1.) The Freemium model affects a game's community.
Quite evidently, the Freemium model makes a game more accessible to the general populace. This in turn, however, has many negative impacts on a game's community. First, it absolutely cripples a game's ability to form and maintain a predominant, yet tight-knit community. The Freemium model makes it easy for completely new players to come into a game, yet not commit to it. This creates a flux that makes it difficult for a proper community to establish. Not only that, the players that are attracted to Freemium models can disrupt a community through their maturity level. Finally, the Freemium model has the tendency of separating the player-base into those that decide to spend some cash and those that do not. This leads to a sort of discrimantion within the community and only serves to fragment it even more.

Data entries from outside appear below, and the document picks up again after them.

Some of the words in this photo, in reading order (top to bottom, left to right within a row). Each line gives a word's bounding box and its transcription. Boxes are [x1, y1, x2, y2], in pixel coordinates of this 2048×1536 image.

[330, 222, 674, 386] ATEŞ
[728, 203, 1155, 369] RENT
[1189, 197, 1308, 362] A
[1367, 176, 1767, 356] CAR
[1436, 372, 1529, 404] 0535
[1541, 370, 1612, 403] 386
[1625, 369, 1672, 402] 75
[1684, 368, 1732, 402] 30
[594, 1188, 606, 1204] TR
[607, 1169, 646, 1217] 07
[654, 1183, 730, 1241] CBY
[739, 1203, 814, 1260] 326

2.) The Freemium model disconnects a player from the game world and lessens immersion.
From loading screens to NPC vendors, the developers of Freemium games are in constant action trying to promote their real-world-money-bought items. The ever-so present advertisements are a constant reminder that you are not role-playing your character within a virtual world, but playing a game where real-world money can net you benefits. It is also important to point out that developers in the Freemium model have the monetization of content and features as a primary concern. The way they develop content is drastically affected by the Freemium model, because they are constantly searching for the easiest ways to monetize the game.
3.) The Freemium model encourages Pay to Win.

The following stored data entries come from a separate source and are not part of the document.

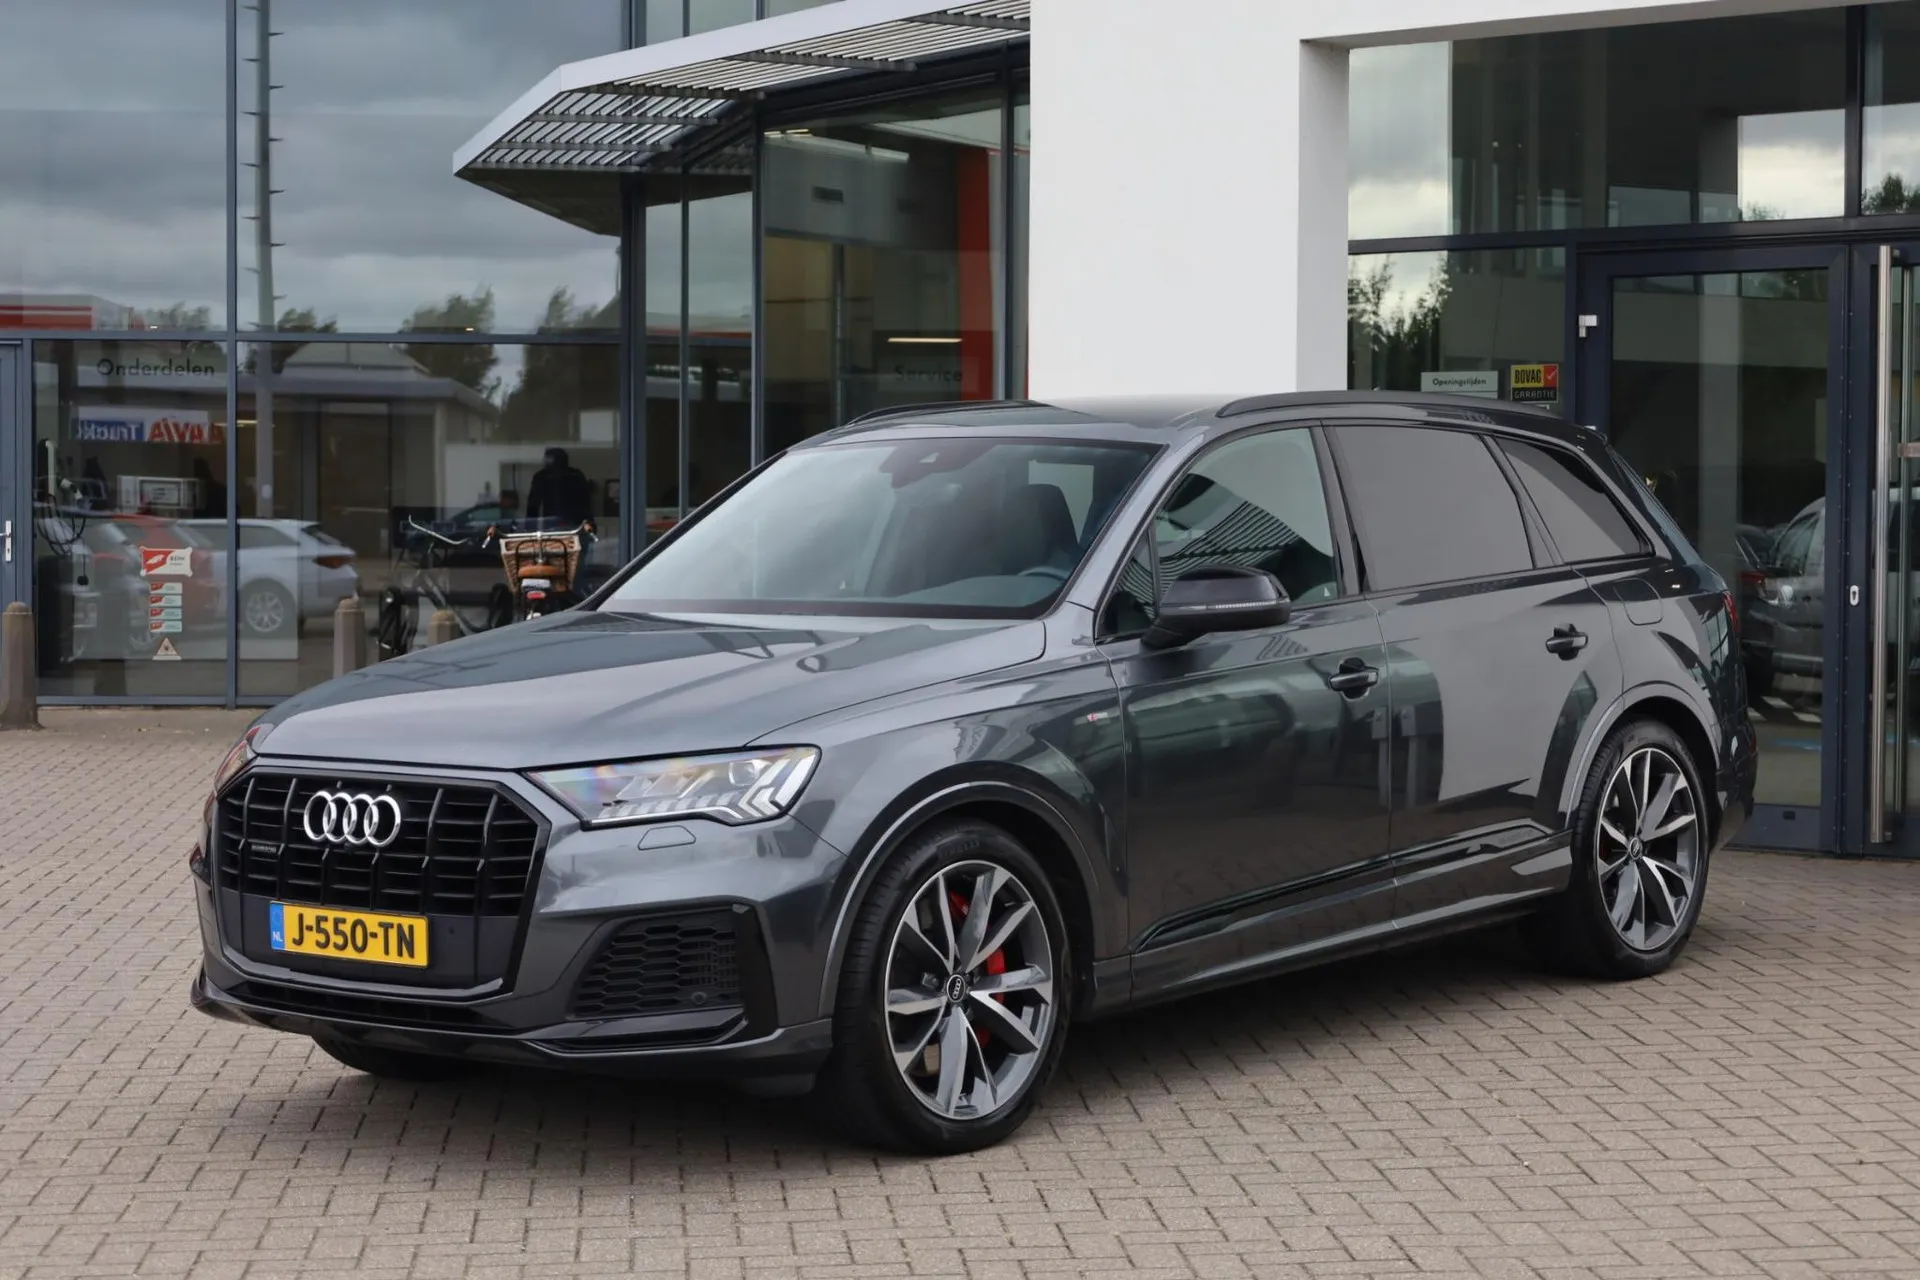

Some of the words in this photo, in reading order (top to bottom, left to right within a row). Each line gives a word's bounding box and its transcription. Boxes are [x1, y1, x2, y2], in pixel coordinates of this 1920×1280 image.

[97, 358, 215, 376] Onderdelen
[894, 364, 963, 382] Service
[1432, 377, 1487, 386] Openingstijden
[1515, 369, 1542, 384] BOVAG
[272, 932, 283, 942] NL
[292, 912, 415, 959] J-550-TN

The Freemium model allows players to buy items of power with real-world money. Sure, a lot of these items can be obtained through more standard means, like actually playing the game, yet it diminishes absurdly the feeling of accomplishment from obtaining these items. Imagine spending hours in a dungeon trying to obtain a powerful new sword for your warrior, finally getting it only to step out into the game world to see that someone else has the same item, and finding out that they didn't work for it like you did, they bought it off the store. It is absolutely buzz-killing. Not only that, the model tempts you into buying advantages for your character because MMO's are about playing with others, and most importantly against others. Even in a PvE scenario, you compare yourself to someone who has forked some cash over and they progress faster, they have access to cooler things, etc. No one wants to fall behind or feel less powerful.
Suffice to say, it is a model that goes against the MMO, in MMORPG, by crippling and separating communities, and against the RPG, by allowing players to take shortcuts by spending real-world cash, always reminding us that we are not role-playing a powerful mage or a renowned knight, but instead playing a game where money can absolutely dictate how we engage it.